Всемирная история искусств - Гнедич Петр Петрович - Страница 72
- Предыдущая
- 72/120
- Следующая
Новые четыре громадные картины украсили вскоре Ватикан: «Чудо во время мессы в Больсене», «Аттила в Риме», «Изгнание Илиодора из храма» и «Освобождение Петра из темницы». Страсть Рафаэля к изучению была изумительна, — он работал без отдыха, без перерыва. Исполняя колоссальные заказы с невероятной быстротой, он успевал учиться и писать, помимо Ватикана, отдельные холсты. Его «Несение креста», написанное для Палермского монастыря Монте-Оливетто, особенно выдается своим образцовым, благородным исполнением. В нем нет следа односторонности; красота форм, гармония и внутреннего, и внешнего, чистота и спокойствие — вот отличительные черты созданий Рафаэля, удивительно законченных, проникнутых духом христианства и в то же время античных.
Он так быстро шел вперед, прогрессивно развиваясь, что мы по месяцам можем различить в хронологическом порядке его картины. Реализм флорентийской школы мог легко сбить с пути художника, но сила гения превозмогла все. Соседство Микеланджело, расписывавшего потолки Сикстинской капеллы, порождало невольное соперничество между ними. Классическая древность Рима давала ему постоянно материал для изучения античных форм. Сначала работы его нежны и кротки, но потом все делаются смелее, величавее; мельчайшие подробности выработаны у него оригинально; богатство творческой силы неистощимо. Фрески станцов Ватикана была главная работа, для которой он приехал в Рим и которой он не успел окончить из-за своей смерти. Роспись ватиканских лоджий, целого ряда аркад, построенных самим Рафаэлем, хотя и были сделаны по его рисункам, но совершенно предоставлены работе учеников. Если в этих библейских сценах он и уступал Микеланджело, то благородством и нежностью стиля, конечно, превзошел его. Декоративная живопись в древнеклассическом стиле, покрывшая столбы и стены лоджий, представляет бесконечную игру фантазии в самых изящных комбинациях.
Невозможно перечислить все созданное Рафаэлем, это дело специальных сочинений по истории живописи, укажем только на его удивительные ватиканские композиции: «Морскую победу христиан над сарацинами в гавани Остии», «Пожар в Борго, остановленный благословением папы», «Коронование Карла Великого», «Поражение язычества Константином». Картины эти интересны потому уже, что представляют в виде разных исторических лиц — современников художника, папу и его двор.

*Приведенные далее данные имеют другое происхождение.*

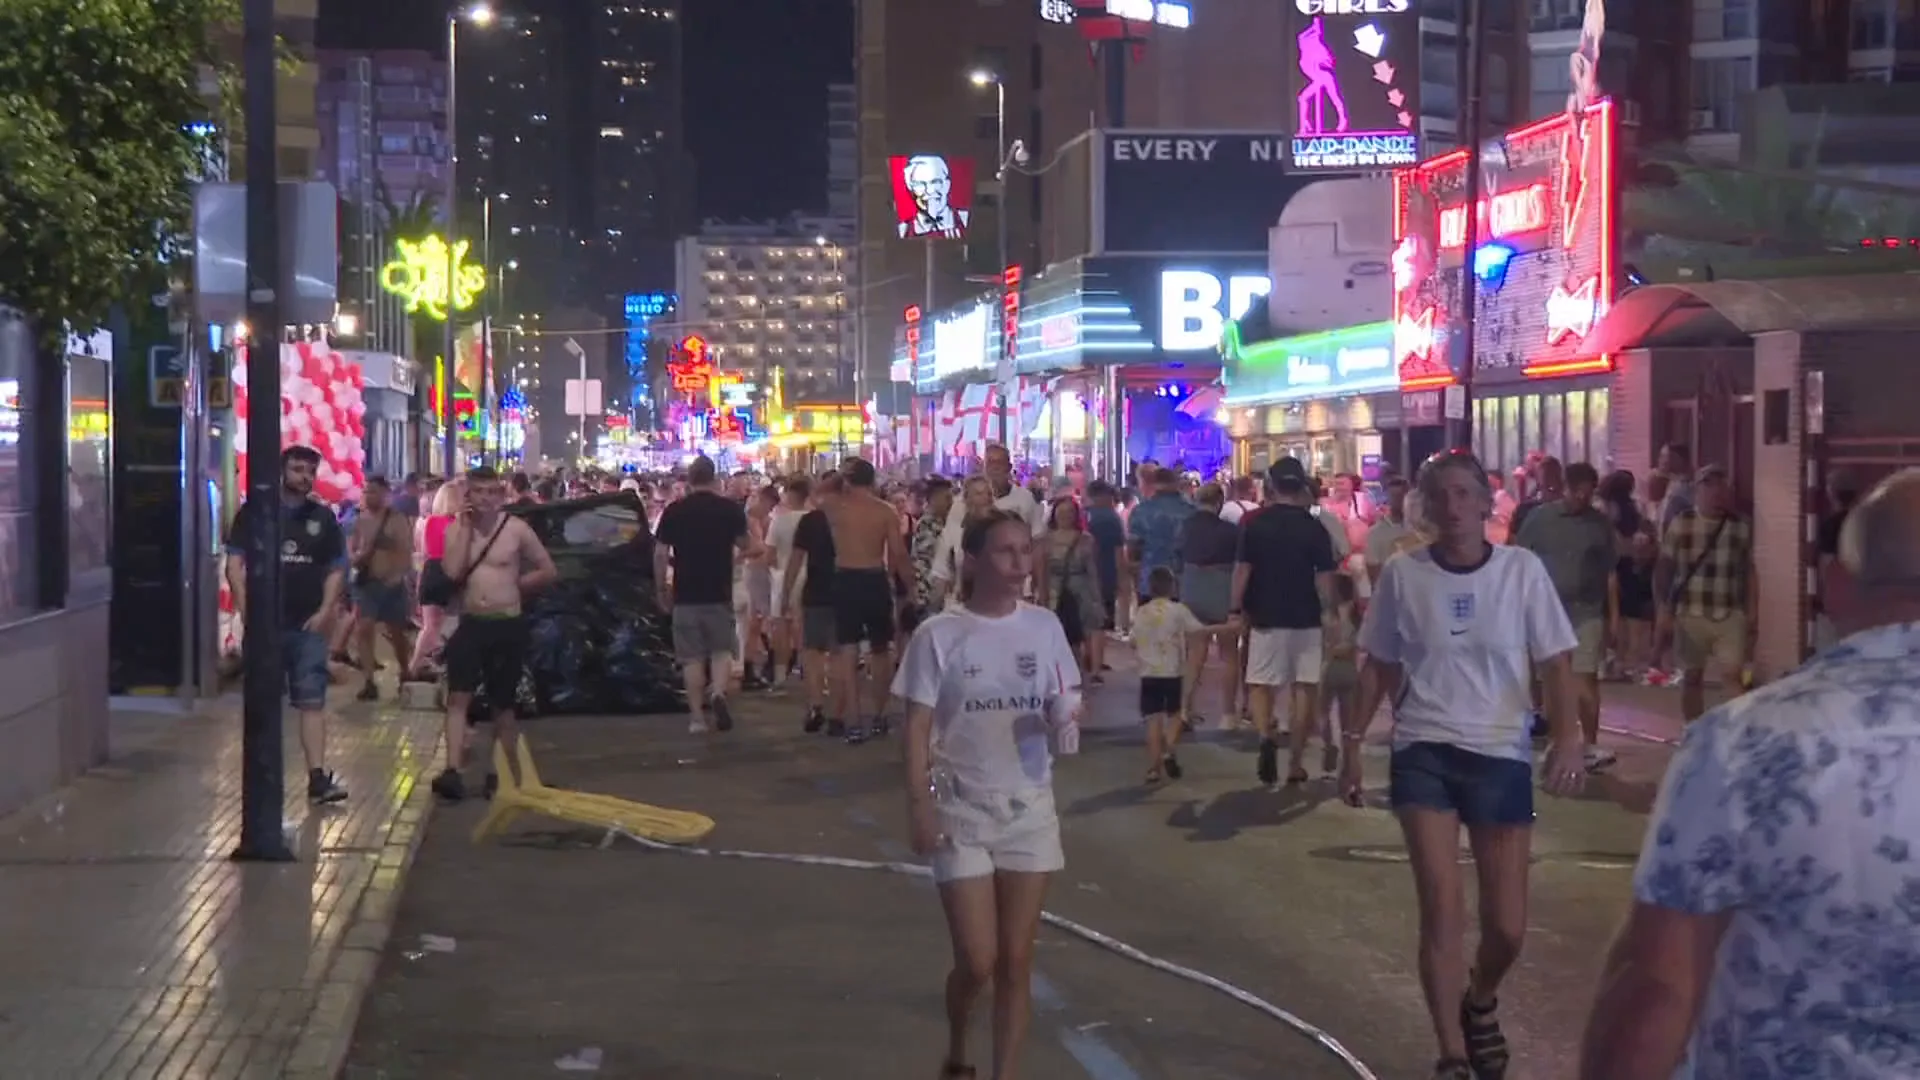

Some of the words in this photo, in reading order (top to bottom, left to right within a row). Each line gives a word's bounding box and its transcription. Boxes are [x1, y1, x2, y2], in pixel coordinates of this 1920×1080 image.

[1296, 0, 1408, 15] GIRLS
[1113, 139, 1217, 161] EVERY
[1292, 135, 1417, 154] LAP-DANCE
[965, 696, 1042, 713] ENGLAND

Затем следует отметить рафаэлевские картоны для ковров, предназначенные для украшения Сикстинской часовни. Много святых семейств, писанных им в различное время, разбросано по разным европейским музеям. В Петербурге есть его знаменитая «Мадонна д’Альба», относящаяся ко времени первого его пребывания в Риме. Посередине красивого пейзажа изображена Дева Мария, сидящая на земле возле дерева, держащая одной рукой книгу, а другую положив на плечо маленькому Иоанну, который смотрит на младенца Иисуса[50]. Там же помещается портрет неизвестного старика, чрезвычайно характерного итальянского типа; затем святой Георгий на белом коне, поражающий дракона, с классическим, условным изображением лошади, и, наконец, четвертая его вещь «Святое семейство», приобретенная Эрмитажем. Его знаменитые мадонны — де ла Седиа, де Фулиния, дель Пече, святая Цецилия — и прочие библейские сюжеты не мешали ему отдаваться языческому миру, писать мифологические сюжеты на тему — триумф Галатеи.

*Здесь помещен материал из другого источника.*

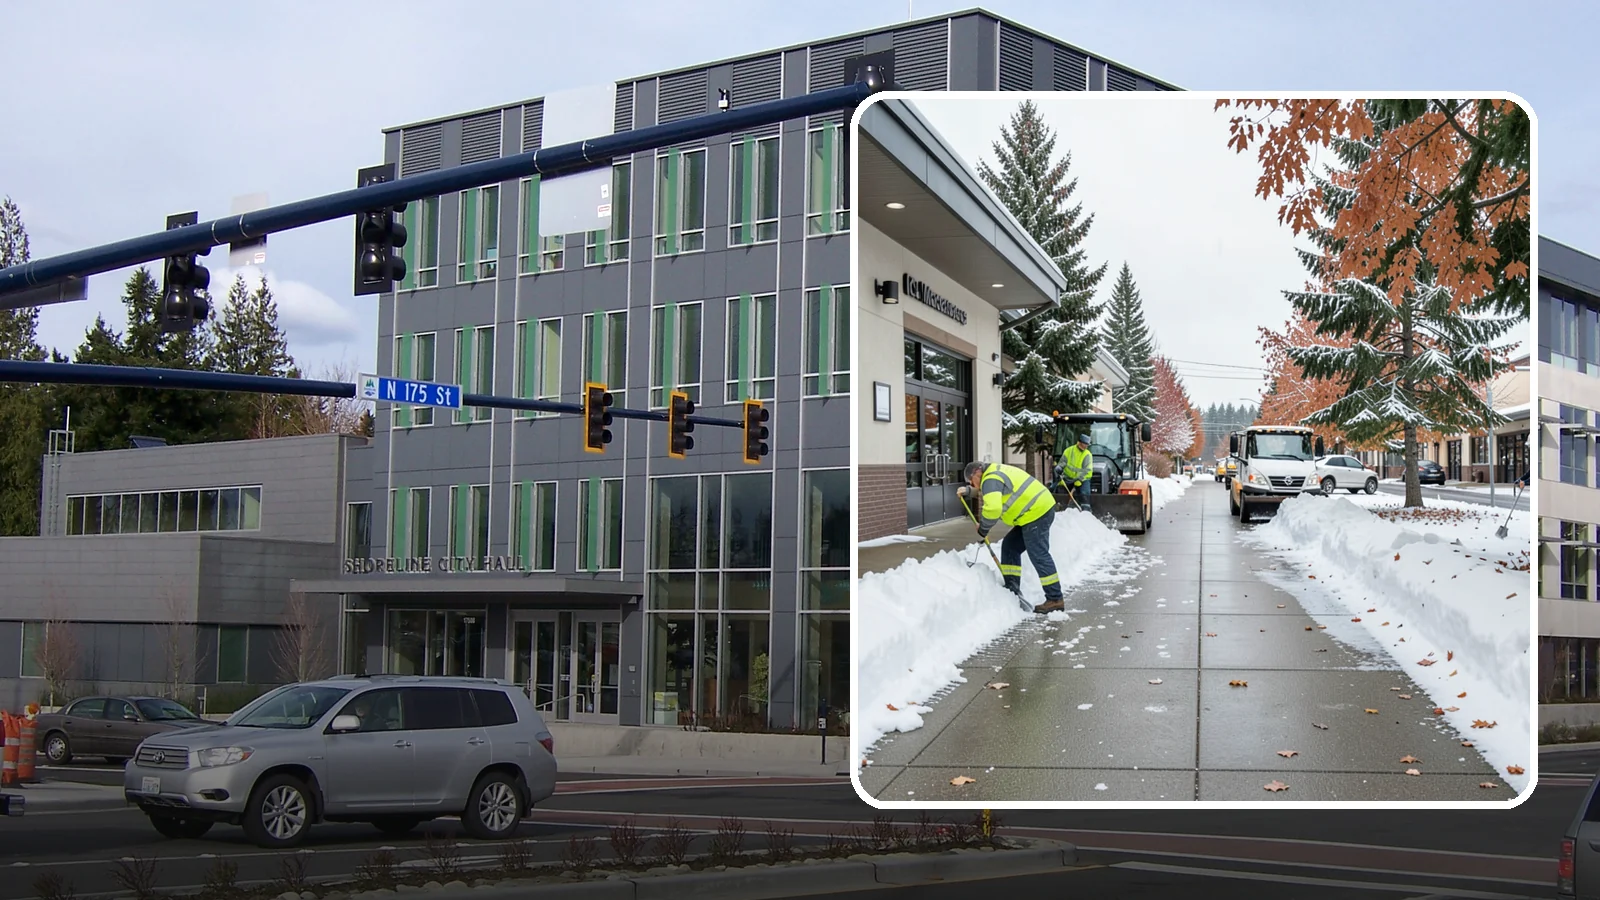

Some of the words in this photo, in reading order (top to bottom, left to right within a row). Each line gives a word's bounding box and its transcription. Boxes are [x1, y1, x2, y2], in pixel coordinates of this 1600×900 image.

[387, 380, 396, 400] N
[405, 382, 427, 403] 175
[436, 386, 451, 406] St
[344, 556, 431, 574] SHORELINE
[438, 556, 475, 572] CITY
[484, 555, 525, 572] HALL

Но высшим проявлением гения Рафаэля считается, бесспорно, «Сикстинская мадонна», находящаяся в Дрездене; это высшее проявление чисто христианской живописи, это откровение свыше. По мнению всех знатоков искусств, — это гениальнейшее произведение, когда-либо выходившее из рук человеческих. Писанная сразу, безо всякого подготовительного эскиза, она изображена такой, какой явилась художнику во сне.
«Рафаэль, натянув полотно свое для этой картины, — пишет Жуковский, — долго не знал, что на нем будет: вдохновение не приходило. Однажды он заснул с мыслию о мадонне, и, верно, какой-нибудь ангел разбудил его. Он вскочил: «Она здесь!» — закричал он, указав на полотно, и начертил первый рисунок. И в самом деле, — это не картина, а видение: чем долее глядишь, тем живее уверяешься, что перед тобою что-то неестественное происходит (особенно если смотришь так, что ни рамы, ни других картин не видишь). И это не обман воображения: оно не обольщено здесь ни живостью красок, ни блеском наружным. Здесь душа живописца, безо всяких хитростей искусства, но с удивительною простотою и легкостью передала холстине то чудо, которое во внутренности ее совершилось.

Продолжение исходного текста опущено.